> [Exercise aim] Could the lines from the one with "this 1280×1280 image." through the end of the listing be restated exactly, with nothing else included?

> [Provided information]
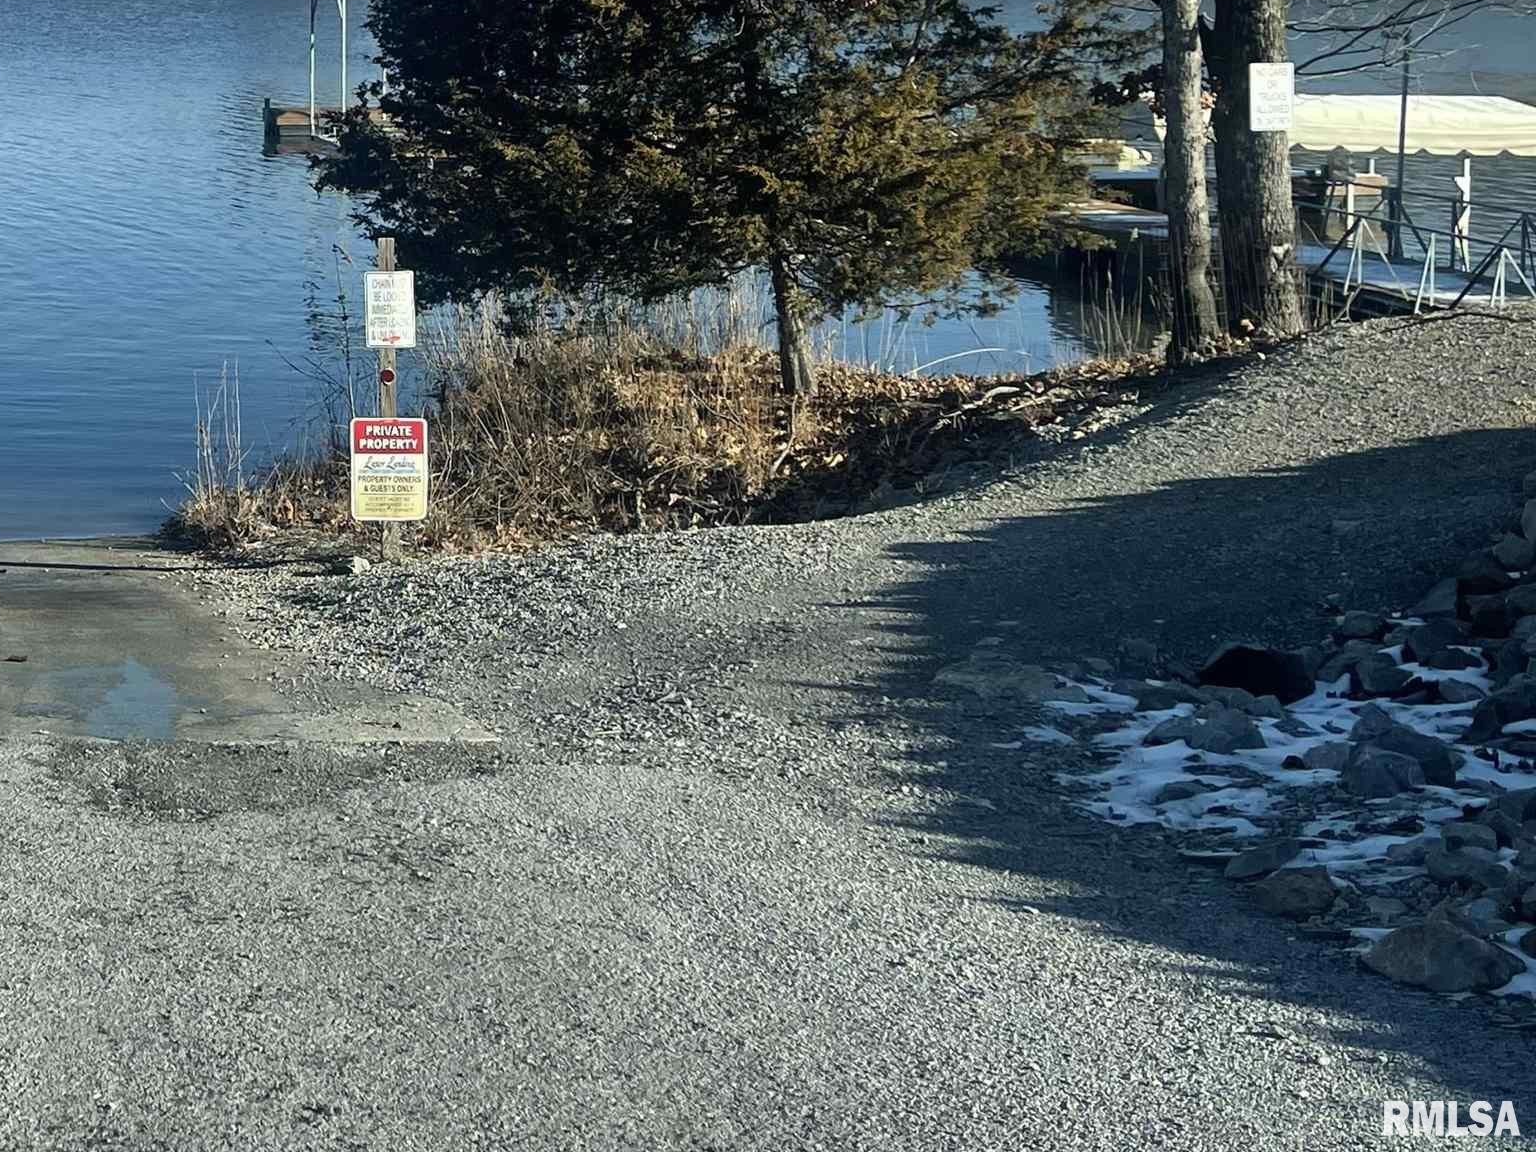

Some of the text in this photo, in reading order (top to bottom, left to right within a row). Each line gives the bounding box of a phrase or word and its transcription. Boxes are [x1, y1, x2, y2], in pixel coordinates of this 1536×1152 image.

[373, 290, 382, 302] BE
[366, 425, 413, 436] PRIVATE
[359, 438, 419, 450] PROPERTY
[358, 474, 422, 484] PROPERTY OWNERS
[370, 484, 396, 493] GUESTS
[396, 484, 414, 493] ONLY
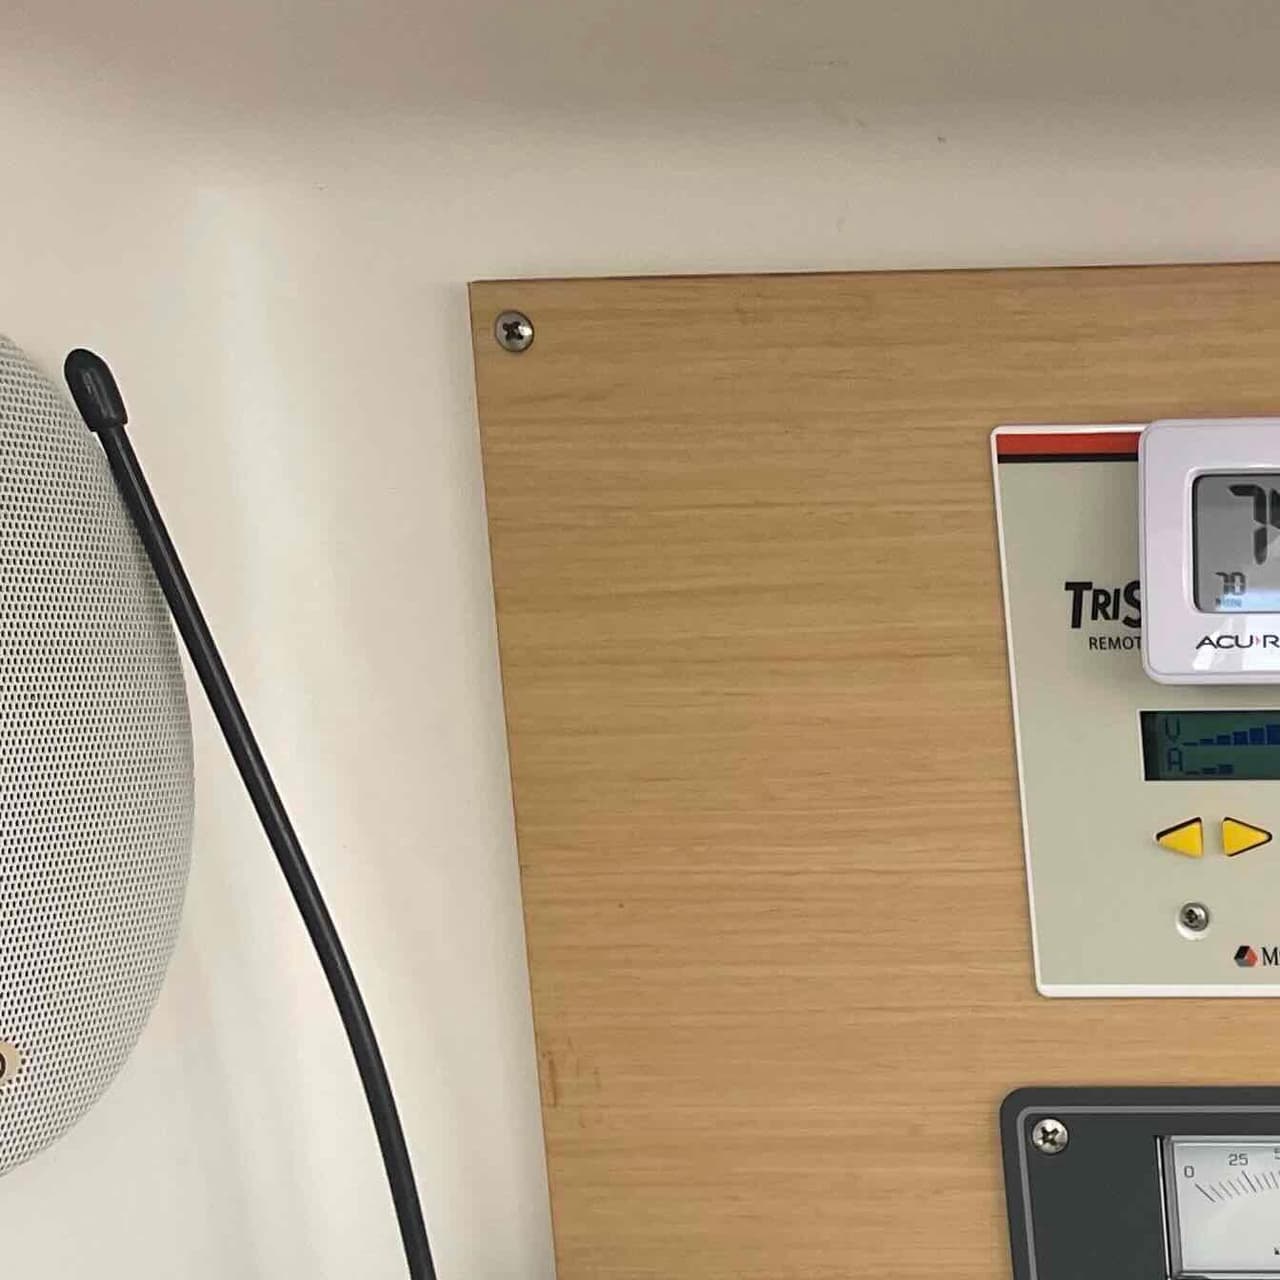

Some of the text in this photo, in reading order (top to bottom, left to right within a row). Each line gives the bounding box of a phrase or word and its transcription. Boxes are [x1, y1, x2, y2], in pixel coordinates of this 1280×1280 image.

[1065, 580, 1141, 629] TRIS
[1088, 636, 1141, 650] REMOT
[1183, 1166, 1195, 1178] 0
[1228, 1153, 1249, 1166] 25

> [Your response]
Some of the text in this photo, in reading order (top to bottom, left to right within a row). Each line gives the bounding box of a phrase or word and its transcription. Boxes are [x1, y1, x2, y2], in pixel coordinates of this 1280×1280 image.

[1065, 580, 1141, 629] TRIS
[1088, 636, 1141, 650] REMOT
[1183, 1166, 1195, 1178] 0
[1228, 1153, 1249, 1166] 25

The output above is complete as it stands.